For boys, big jumps, double turns and sauts de basque en l’air require the mastery of secure landings. A lack of control in landings can be dangerous, and it can interfere with portraying such characteristic qualities as heroic revolutionary enthusiasm in pas de deux from “The Flames of Paris,” bravado and self-assurance in Don Quixote and easygoing simplicity in La Fille mal gardée.

Respect for Tradition
Pay close attention to stylistic features, especially the use of the upper body—head, épaulement and port de bras. Incorporating these refinements is an essential element in developing your artistry.

Now that the internet makes it possible to view many versions of classical variations, it is important to check your sources. Because Marius Petipa’s ballets were choreographed and—along with their style and tradition of interpretation—carefully preserved in St. Petersburg, the Mariinsky (Kirov) Ballet versions are considered to be the most authentic. The same holds true for the Royal Danish Ballet and August Bournonville’s choreography.

Also be aware that excessive turns and high leg kicks can destroy the choreographic integrity of a variation, distorting transitions, musicality, style and character. Refrain from replacing signature choreographic features such as the diagonal of hops on pointe with pirouettes in Kitri’s variation. The hops and playful use of the fan are an opportunity to show yourself as an artist.

The test is to stand out in a variation as it was choreographed. Aside from their beauty and the skill required to execute them, the classical variations give judges a standard frame of reference to compare dancers. Mixing and matching fragments of variations taken from different ballets to suit a particular dancer’s skills only makes the judges distrust the dancer’s integrity.

Ballet is an art form with history and rules. When aspiring to compete in a competition, use the preparation to enrich yourself as a dancer. “Focus on the educational experience,” says Edwards. Because competitions bring dancers together from all corners of the world, “they are a great opportunity to train the eye and learn through comparison.” 

 

Formerly a ballerina with the Mikhailovsky Theatre Ballet in St. Petersburg, Elena Kunikova was trained at the Vaganova Academy and is now a New York–based coach active in staging classical ballets.

 

Dressed to Shine
Costumes play a huge role in the jury’s perception of a performer. Moderation is always a good idea. Good taste is the hallmark of an artist.

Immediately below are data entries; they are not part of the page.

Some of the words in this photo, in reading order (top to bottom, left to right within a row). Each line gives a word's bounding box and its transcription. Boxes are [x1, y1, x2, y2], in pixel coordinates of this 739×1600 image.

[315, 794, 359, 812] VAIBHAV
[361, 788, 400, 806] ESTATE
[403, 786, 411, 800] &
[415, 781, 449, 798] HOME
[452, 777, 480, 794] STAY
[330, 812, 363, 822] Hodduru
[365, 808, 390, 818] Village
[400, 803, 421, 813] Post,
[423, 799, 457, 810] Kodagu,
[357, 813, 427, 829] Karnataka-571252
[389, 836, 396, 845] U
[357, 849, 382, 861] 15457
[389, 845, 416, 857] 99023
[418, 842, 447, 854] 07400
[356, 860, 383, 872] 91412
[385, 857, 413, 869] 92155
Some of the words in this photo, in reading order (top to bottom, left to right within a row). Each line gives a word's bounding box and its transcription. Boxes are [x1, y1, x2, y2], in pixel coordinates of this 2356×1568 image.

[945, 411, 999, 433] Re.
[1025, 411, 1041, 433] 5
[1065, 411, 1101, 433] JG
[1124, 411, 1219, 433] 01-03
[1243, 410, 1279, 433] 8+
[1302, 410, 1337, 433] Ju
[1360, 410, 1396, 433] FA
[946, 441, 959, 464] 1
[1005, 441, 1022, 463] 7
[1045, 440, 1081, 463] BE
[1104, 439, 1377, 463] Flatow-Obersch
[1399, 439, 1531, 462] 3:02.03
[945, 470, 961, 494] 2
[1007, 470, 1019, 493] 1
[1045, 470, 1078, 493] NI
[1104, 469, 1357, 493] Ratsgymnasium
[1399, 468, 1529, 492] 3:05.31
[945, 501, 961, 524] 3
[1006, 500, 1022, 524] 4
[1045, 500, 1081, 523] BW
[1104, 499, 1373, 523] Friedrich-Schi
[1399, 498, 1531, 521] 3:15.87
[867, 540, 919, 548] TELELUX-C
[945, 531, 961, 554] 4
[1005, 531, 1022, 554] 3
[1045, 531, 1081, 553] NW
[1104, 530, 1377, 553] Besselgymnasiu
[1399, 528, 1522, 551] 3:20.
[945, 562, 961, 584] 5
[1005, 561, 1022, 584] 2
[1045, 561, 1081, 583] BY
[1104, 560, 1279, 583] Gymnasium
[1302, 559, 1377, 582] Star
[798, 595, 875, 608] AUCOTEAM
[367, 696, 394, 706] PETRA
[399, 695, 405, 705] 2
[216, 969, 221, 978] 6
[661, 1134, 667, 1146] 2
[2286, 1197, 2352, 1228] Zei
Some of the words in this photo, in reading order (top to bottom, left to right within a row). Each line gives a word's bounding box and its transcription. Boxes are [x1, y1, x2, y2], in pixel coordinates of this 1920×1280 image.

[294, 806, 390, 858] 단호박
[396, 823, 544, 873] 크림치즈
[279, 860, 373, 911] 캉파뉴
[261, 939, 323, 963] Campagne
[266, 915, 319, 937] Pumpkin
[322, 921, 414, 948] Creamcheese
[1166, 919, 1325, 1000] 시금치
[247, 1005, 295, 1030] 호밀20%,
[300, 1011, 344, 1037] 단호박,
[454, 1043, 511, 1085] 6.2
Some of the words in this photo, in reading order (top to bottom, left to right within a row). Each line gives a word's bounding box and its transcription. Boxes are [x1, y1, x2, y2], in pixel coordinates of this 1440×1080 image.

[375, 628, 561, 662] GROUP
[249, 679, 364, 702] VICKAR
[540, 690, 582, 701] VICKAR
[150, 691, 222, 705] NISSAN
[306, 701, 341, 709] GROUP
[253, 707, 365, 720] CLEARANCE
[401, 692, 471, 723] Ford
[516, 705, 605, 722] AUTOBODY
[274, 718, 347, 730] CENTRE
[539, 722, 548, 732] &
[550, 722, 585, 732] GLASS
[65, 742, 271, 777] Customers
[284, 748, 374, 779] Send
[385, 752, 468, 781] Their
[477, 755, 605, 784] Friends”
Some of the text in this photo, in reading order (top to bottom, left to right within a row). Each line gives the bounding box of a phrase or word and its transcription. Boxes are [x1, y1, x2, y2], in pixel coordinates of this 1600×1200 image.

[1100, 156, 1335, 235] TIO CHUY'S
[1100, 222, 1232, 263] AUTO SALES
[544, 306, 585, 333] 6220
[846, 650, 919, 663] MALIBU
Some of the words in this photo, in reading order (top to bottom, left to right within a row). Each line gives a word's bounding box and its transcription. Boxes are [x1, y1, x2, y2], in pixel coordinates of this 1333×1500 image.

  • Big tiaras enlarge your head and can distort the balance of your proportions.
  • Too much glitter and sparkle distract attention from your dancing.
  • Long, opaque skirts and tunics look heavy and won’t show your lines.
  • The clean shape of a classical or Romantic tutu will work for most variations. It is not necessary, especially for younger divisions, to wear a bra top for the “Pas de Trois” variations in Le Corsaire.
  • If the color of your shoes, ribbons and elastics is darker than the color of your tights, the difference can obstruct the line of your foot.